Brief: When you reach a picture, skip it, and retype every line below exactly.

Phrase grounding data:
================

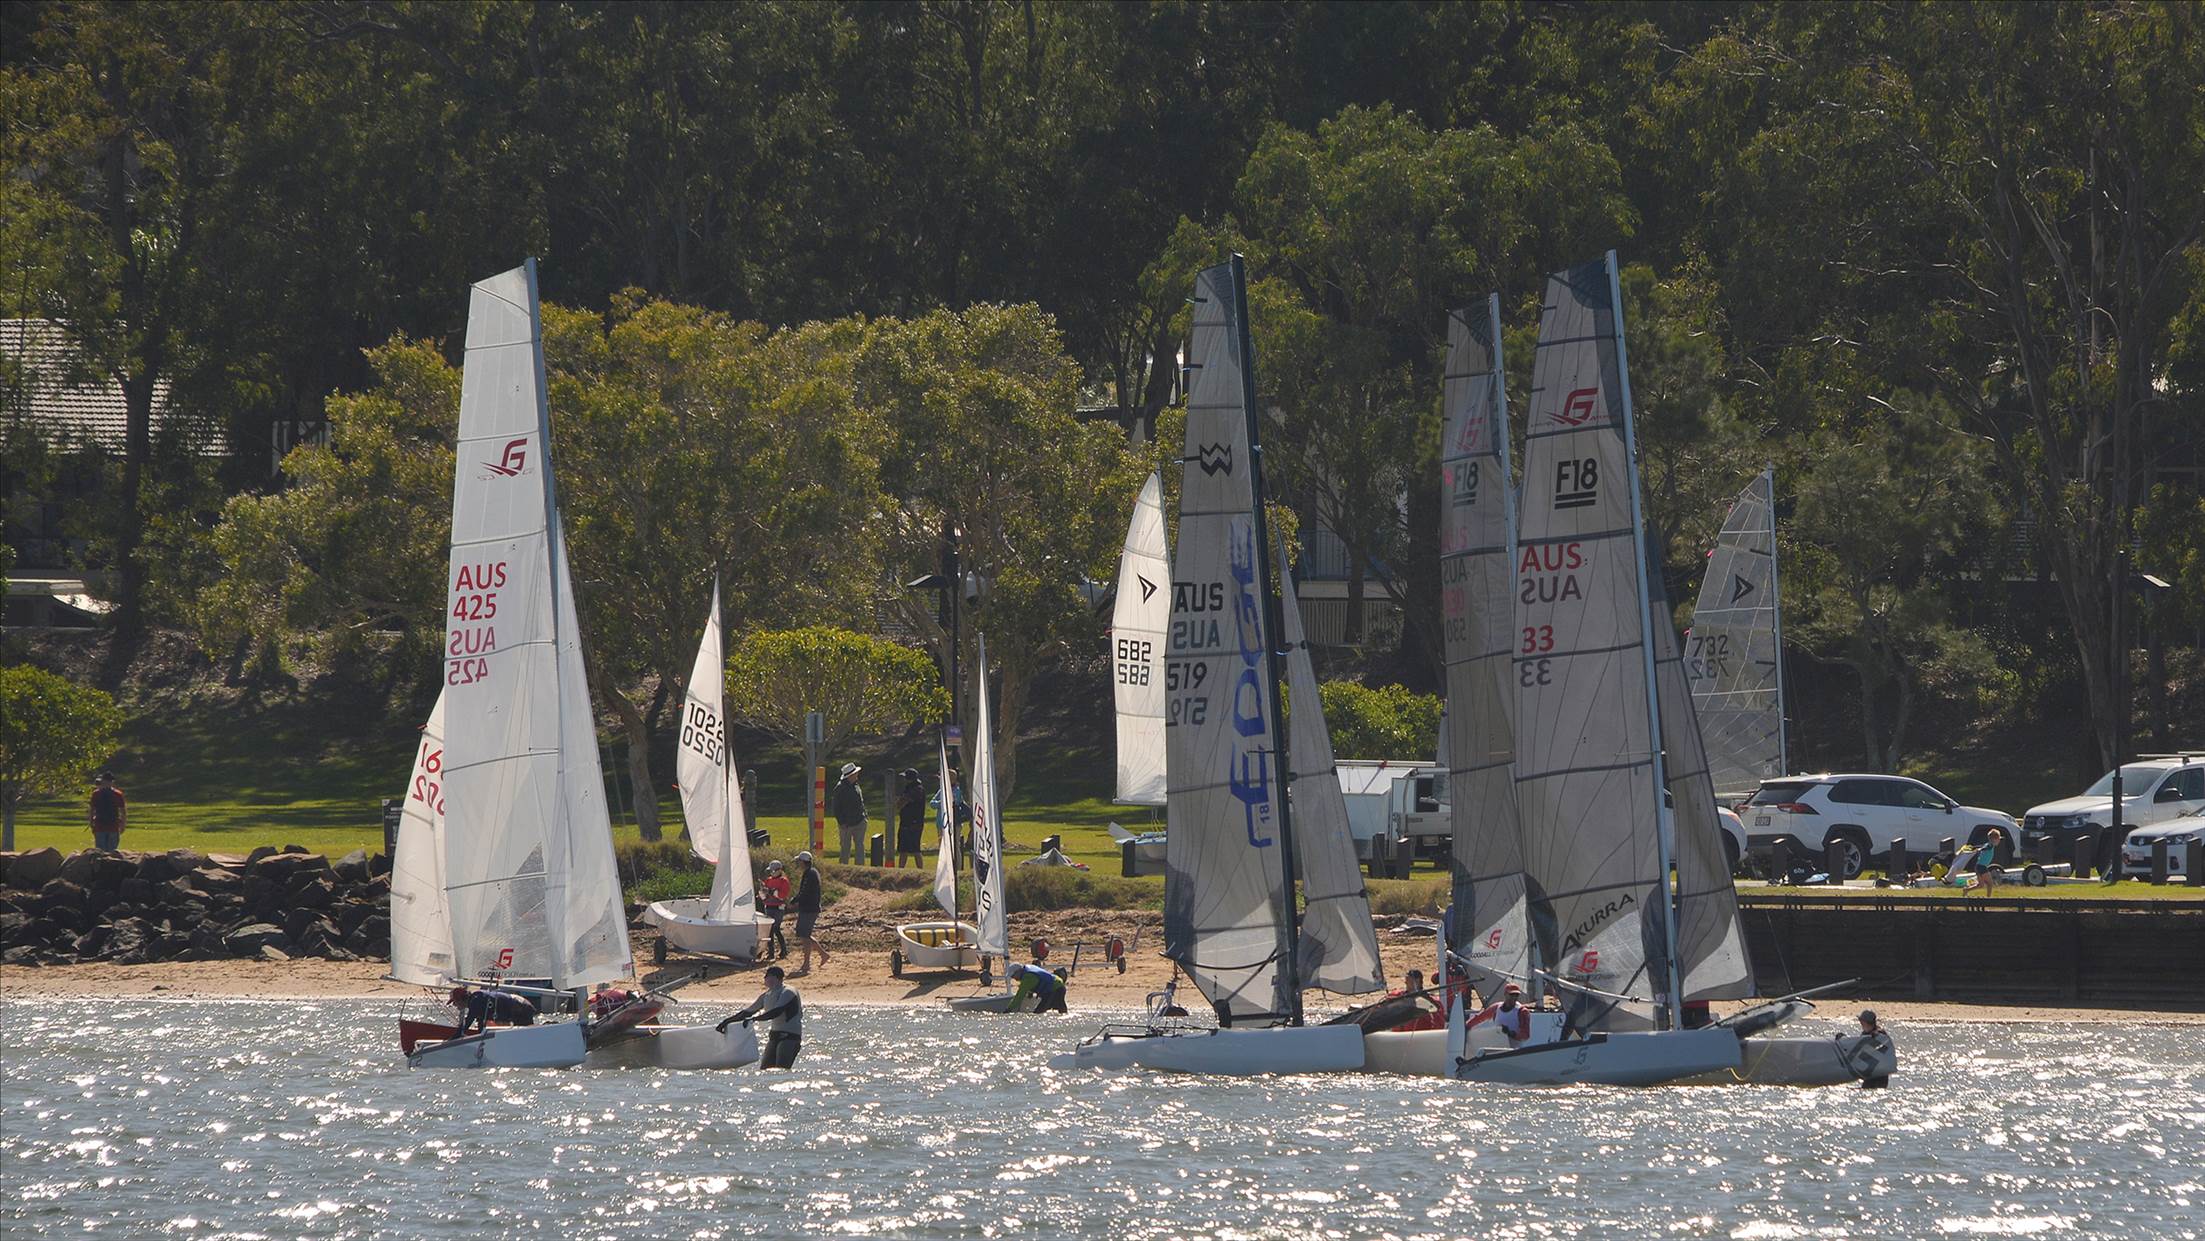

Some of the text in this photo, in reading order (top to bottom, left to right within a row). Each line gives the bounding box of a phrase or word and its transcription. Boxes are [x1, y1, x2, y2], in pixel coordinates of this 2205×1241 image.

[1454, 461, 1479, 492] F18
[1555, 458, 1598, 493] F18
[1520, 543, 1582, 574] AUS
[455, 562, 507, 591] AUS
[453, 593, 497, 621] 425
[1173, 582, 1224, 613] AUS
[1118, 639, 1151, 662] 682
[1521, 625, 1554, 654] 33
[1692, 634, 1729, 657] 732
[1167, 662, 1208, 691] 519
[1259, 804, 1270, 824] 18
[1561, 893, 1634, 959] AKURRA
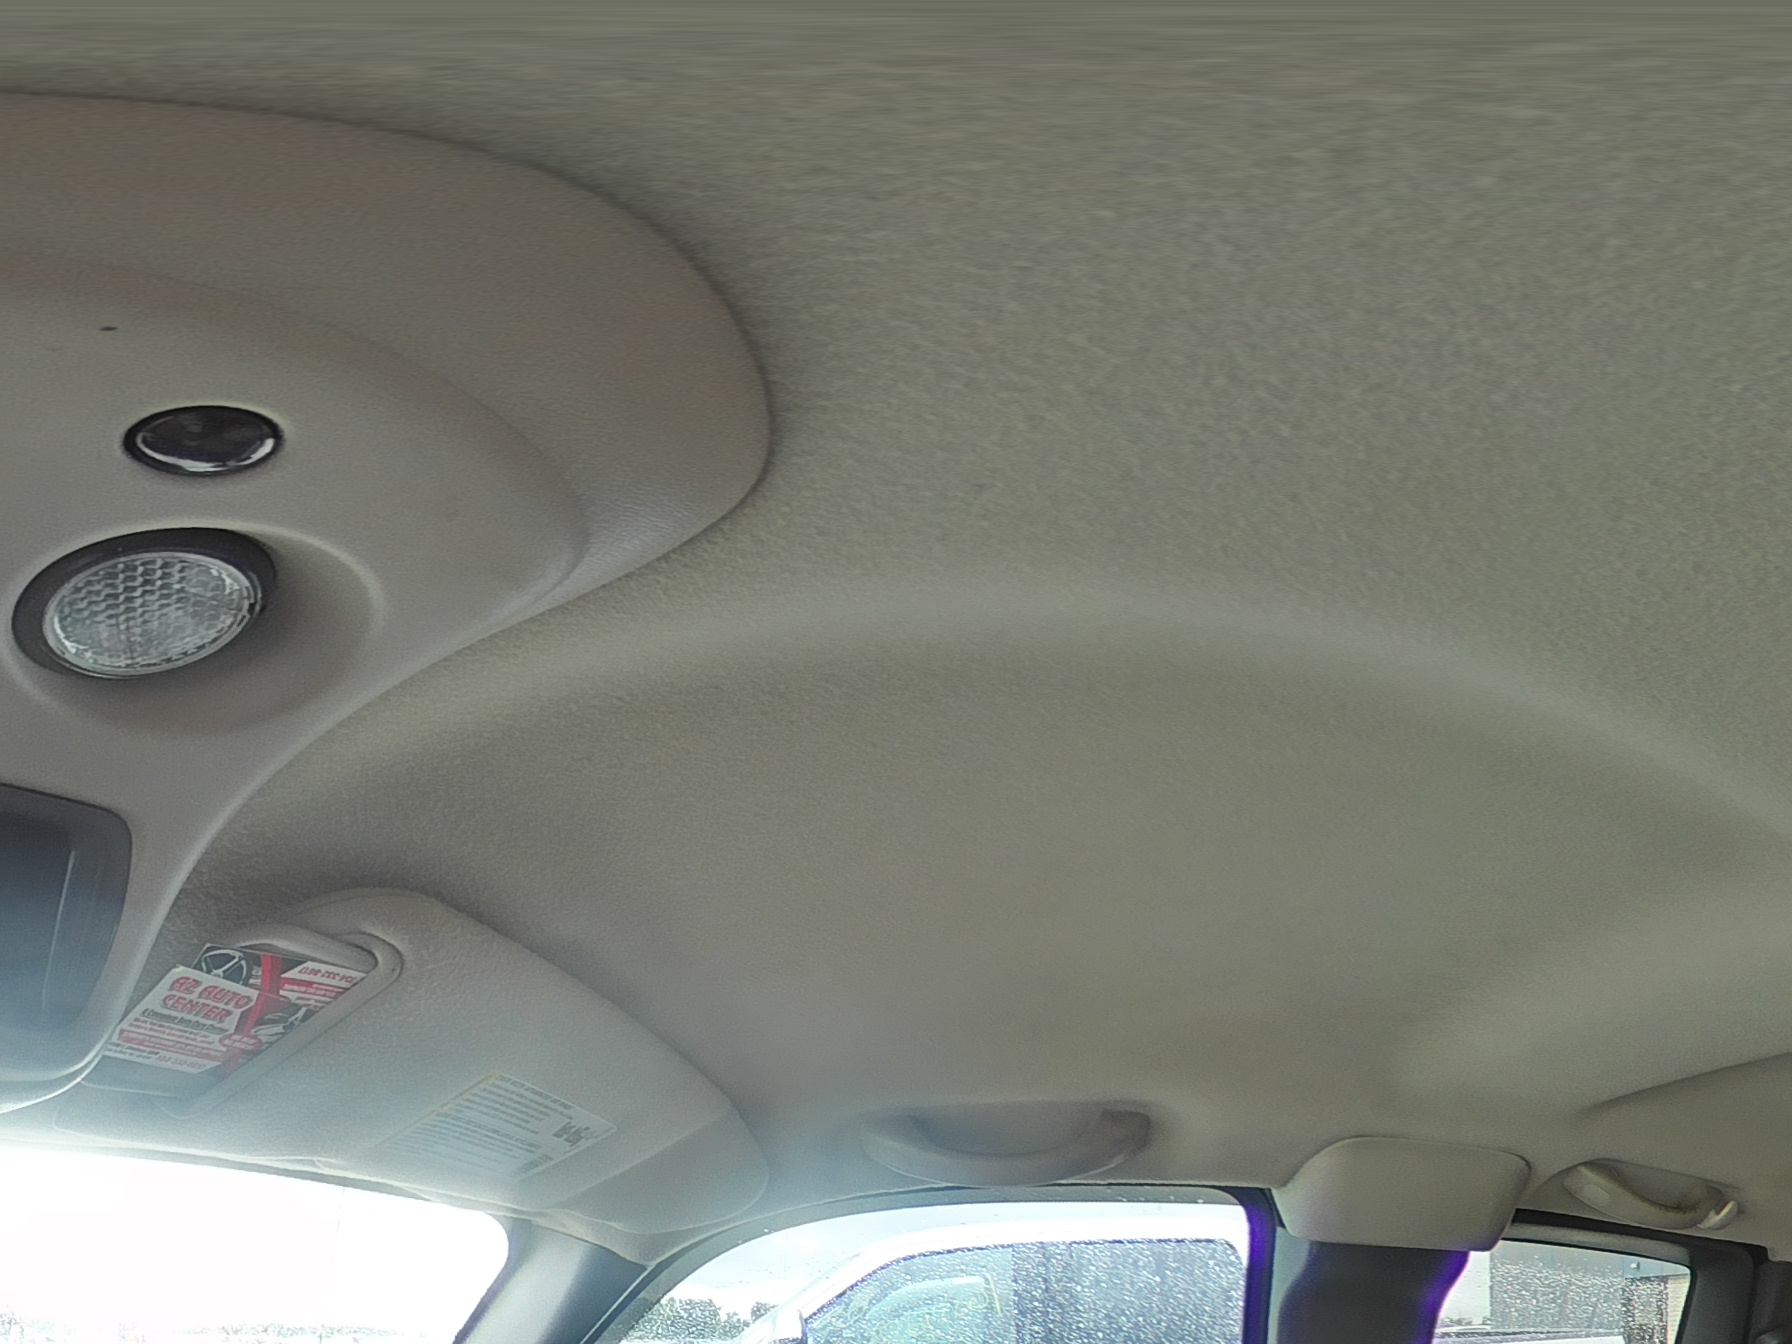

================

Answer to this problem:
Some of the text in this photo, in reading order (top to bottom, left to right within a row). Each line gives the bounding box of a phrase or word and its transcription. Boxes are [x1, y1, x2, y2], in pixel coordinates of this 2205×1241 image.

[1454, 461, 1479, 492] F18
[1555, 458, 1598, 493] F18
[1520, 543, 1582, 574] AUS
[455, 562, 507, 591] AUS
[453, 593, 497, 621] 425
[1173, 582, 1224, 613] AUS
[1118, 639, 1151, 662] 682
[1521, 625, 1554, 654] 33
[1692, 634, 1729, 657] 732
[1167, 662, 1208, 691] 519
[1259, 804, 1270, 824] 18
[1561, 893, 1634, 959] AKURRA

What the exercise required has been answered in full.